The frontend/get_data.py script fetches live AAPL options data:
cd frontend
python get_data.pyThis creates frontend/aapl_options.csv with:
- Real-time option quotes (calls and puts)
- Computed Greeks (delta, gamma, theta, vega)
- Implied volatility calculations
- VIX market volatility index
- Black-Scholes theoretical prices
- Classification labels (underpriced/fair/overpriced)
Data will be saved to: frontend/aapl_options.csv
For other tickers (TSLA, MU), modify the script or run:
python get_data.py TSLA --output tsla_options.csv
python get_data.py MU --output mu_options.csvNote: You need an internet connection to fetch data from Yahoo Finance.
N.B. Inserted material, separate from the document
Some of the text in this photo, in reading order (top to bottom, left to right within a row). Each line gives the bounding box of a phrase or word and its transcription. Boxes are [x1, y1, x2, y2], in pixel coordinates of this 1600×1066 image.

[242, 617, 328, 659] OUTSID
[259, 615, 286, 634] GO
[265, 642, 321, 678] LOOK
The script uses the yfinance library.
Using Conda (Recommended):
conda env create -f environment.yml
conda activate cs229-quantmlOr using pip:
python -m venv cs229_env
source cs229_env/bin/activate # On Windows: cs229_env\Scripts\activate
pip install numpy pandas scikit-learn scipy matplotlib seaborn yfinance py_vollibpython -c "import sklearn; print(f'scikit-learn version: {sklearn.__version__}')"You should see scikit-learn 1.5.0 or higher.
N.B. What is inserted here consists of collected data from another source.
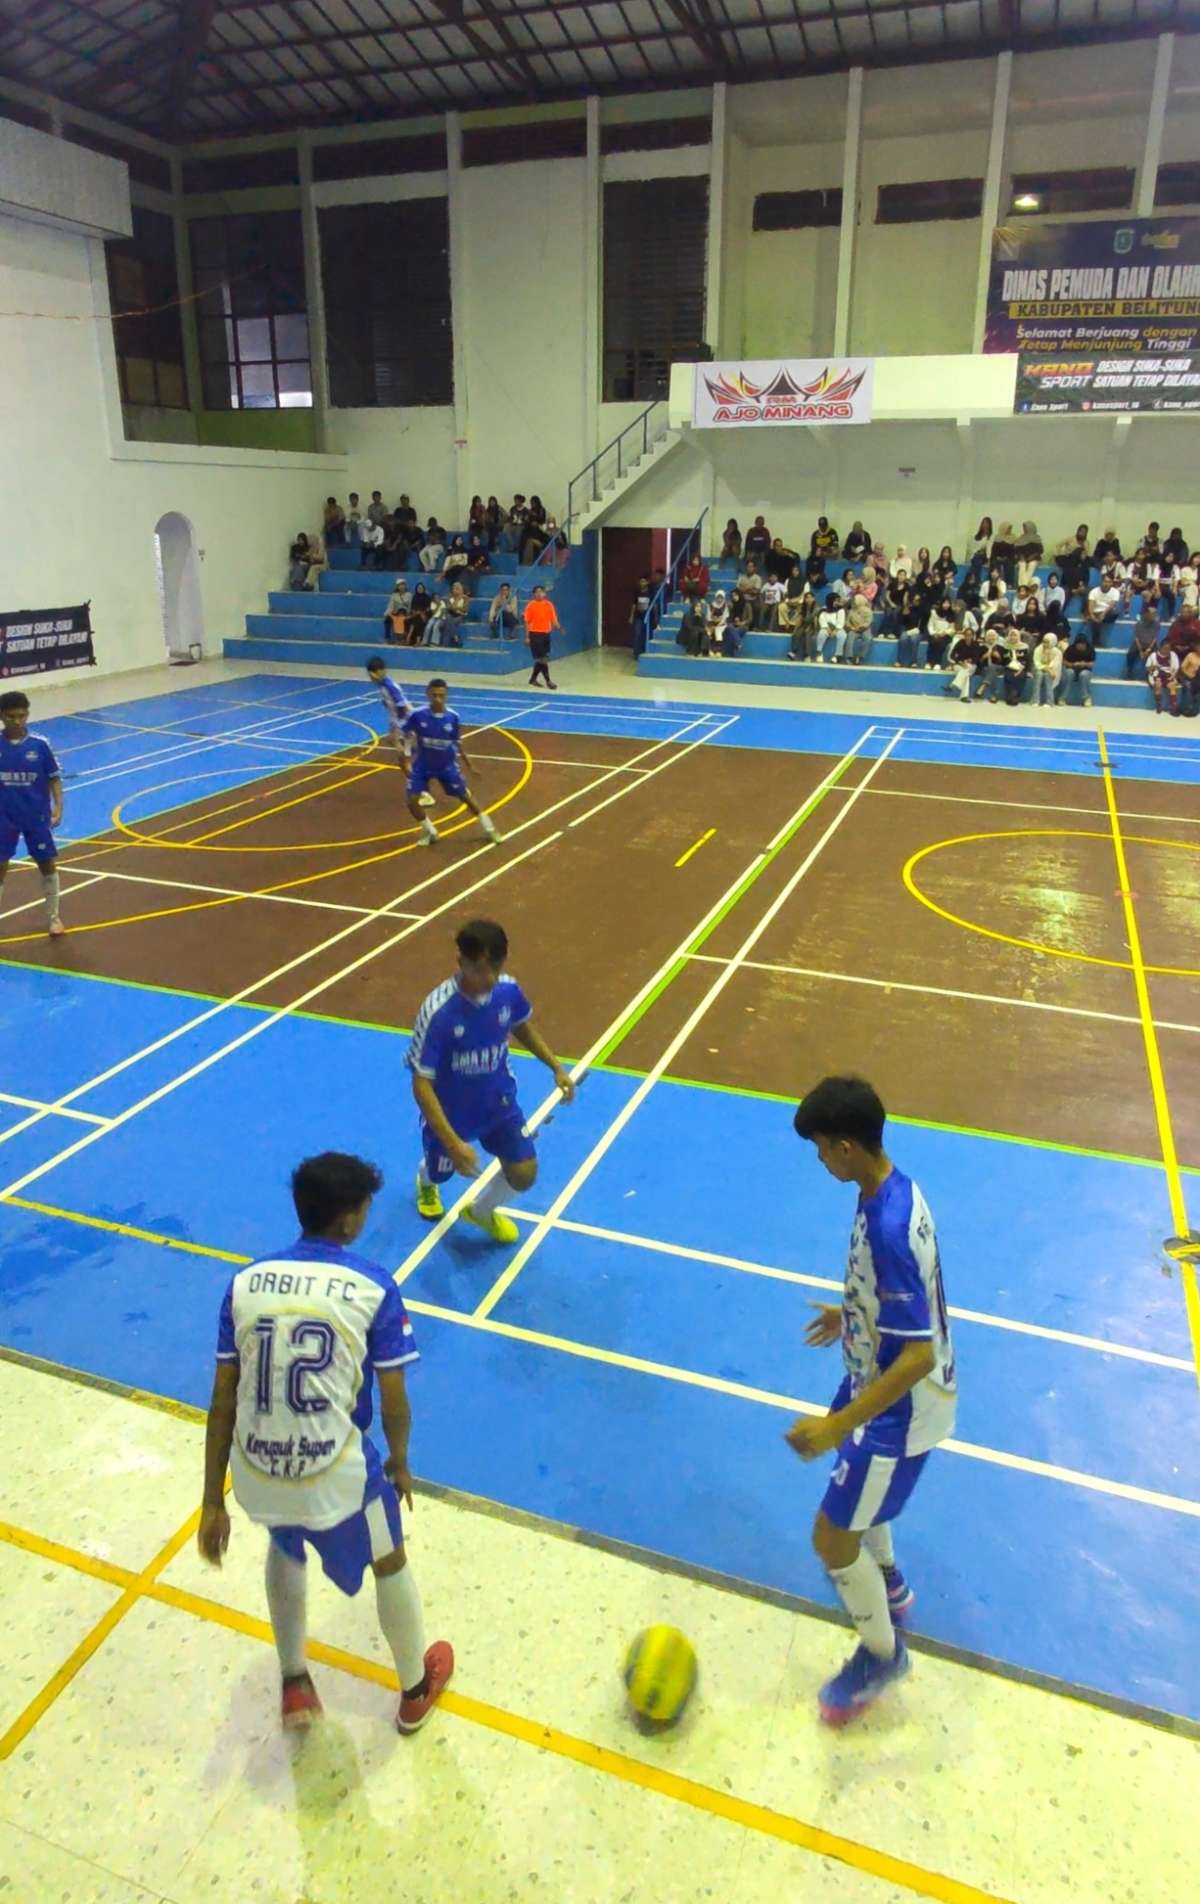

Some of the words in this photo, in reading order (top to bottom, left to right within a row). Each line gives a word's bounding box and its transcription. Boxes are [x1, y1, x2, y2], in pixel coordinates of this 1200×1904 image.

[1002, 269, 1048, 300] DINAS
[1050, 267, 1114, 300] PEMUDA
[1116, 265, 1150, 298] DAN
[1016, 302, 1116, 317] KABUPATEN
[1016, 325, 1072, 339] Selamat
[1075, 327, 1139, 340] Berjuang
[1142, 326, 1198, 340] dengan
[1060, 338, 1143, 352] Menjunjung
[1147, 337, 1192, 351] Tinggi
[1096, 360, 1135, 373] DESIGN
[1039, 375, 1094, 389] SPORT
[1092, 375, 1133, 388] SATUAN
[1132, 374, 1164, 388] TETAP
[713, 405, 761, 421] AJO
[763, 402, 852, 420] MINANG
[249, 1272, 317, 1295] ORBIT
[326, 1278, 357, 1301] FC
[252, 1315, 336, 1416] 12
[298, 1435, 336, 1463] Super
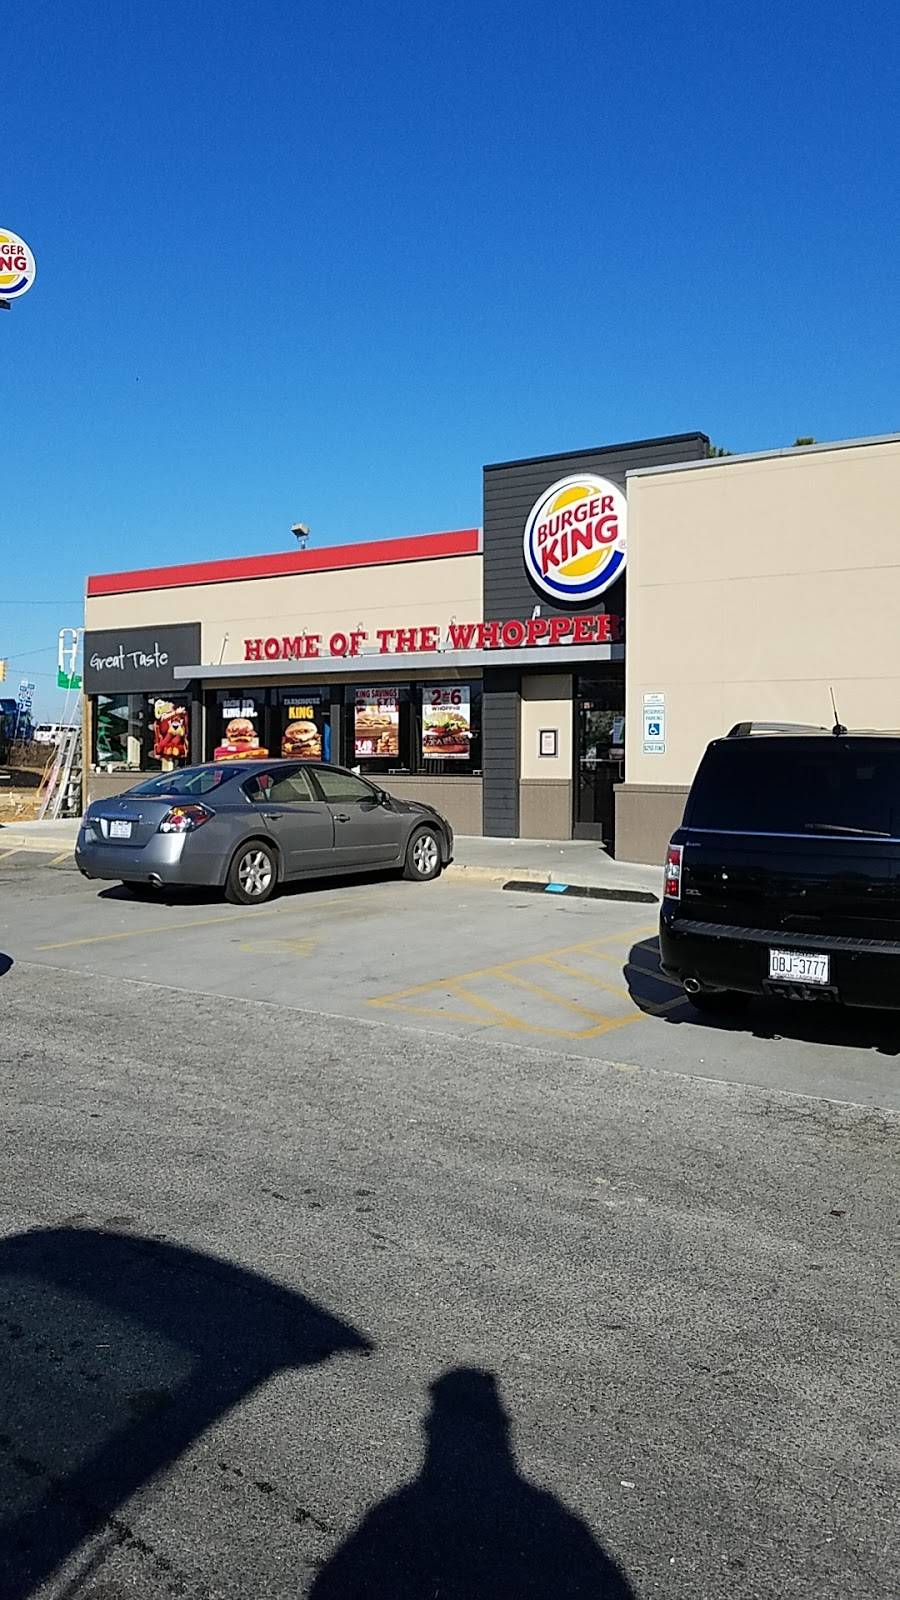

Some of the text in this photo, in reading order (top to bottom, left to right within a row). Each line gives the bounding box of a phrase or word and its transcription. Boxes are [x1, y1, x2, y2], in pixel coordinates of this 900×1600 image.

[537, 495, 615, 547] BURGER
[541, 514, 619, 575] KING
[244, 614, 621, 661] HOME OF THE WHOPPER
[89, 641, 169, 671] Great Taste
[430, 688, 442, 706] 2
[450, 688, 462, 706] 6
[288, 706, 316, 720] KING
[771, 955, 827, 977] DBJ-3777
Run the primary training script to generate all model results from the paper:
python train_real_market_models.pyThis will:
- Load real AAPL options data (66,207 contracts)
- Train all models: Gradient Boosting, Random Forest, Voting Ensemble, MLP, Logistic Regression, and KPCA+SVM variants
- Output accuracy, F1-macro, and cross-validation scores for each model
- Results match Table 1 in the paper
Expected output:
Gradient Boosting: 93.8% accuracy, 78.1% F1-macro
Random Forest: 93.0% accuracy, 72.5% F1-macro
MLP (Deep Learning): 93.1% accuracy, 73.7% F1-macro
...
Figure 1 (Performance Comparison):
python generate_visualizations.pyCreates performance_comparison.png - 4-panel Kernel PCA analysis showing accuracy vs F1, performance ranking, AUC scores, and hyperparameter analysis.
Figure 2 (Confusion Matrix):
python generate_confusion_matrix.pyCreates confusion_matrix_gradient_boosting.png - confusion matrix heatmap for the best model showing per-class performance.
Verify Data Quality:
python validate_real_market_data.pyChecks data completeness, class distribution, temporal structure, and feature statistics.
Calculate F1 Scores:
python calculate_f1_scores.pyComputes detailed F1 scores and classification reports for all models.
CS229_QuantML_Project/
│
├── Main Training Scripts
│ ├── train_real_market_models.py # Main training (reproduces Table 1)
│ ├── validate_real_market_data.py # Data validation
│ ├── generate_visualizations.py # Figure 1 generation
│ ├── generate_confusion_matrix.py # Figure 2 generation
│ └── calculate_f1_scores.py # F1 score verification
│
├── Core ML Modules
│ ├── pca/
│ │ ├── kpca.py # Kernel PCA implementation
│ │ ├── utils.py # Variance plotting utilities
│ │ └── visualization.py # Latent space visualization
│ │
│ ├── svm/
│ │ ├── advanced_feature_engineering.py # 12 engineered features
│ │ └── train_svm_on_embeddings.py # SVM training on KPCA
│ │
│ └── frontend/
│ └── get_data.py # Yahoo Finance data fetcher
│
├── Configuration
│ ├── environment.yml # Conda environment
│ └── evaluation/configs/
│ └── experiment_config.yaml # Hyperparameters
│
└── Documentation
├── README.md # This file
├── ENVIRONMENT_SETUP.md # Detailed setup guide
└── finalpaper.tex # LaTeX paper source
- Extracted 66,207 real AAPL option contracts from Yahoo Finance
- Implemented Black-Scholes pricing model and Greeks computation
- Engineered base financial features (moneyness, implied volatility, delta, gamma, theta, vega)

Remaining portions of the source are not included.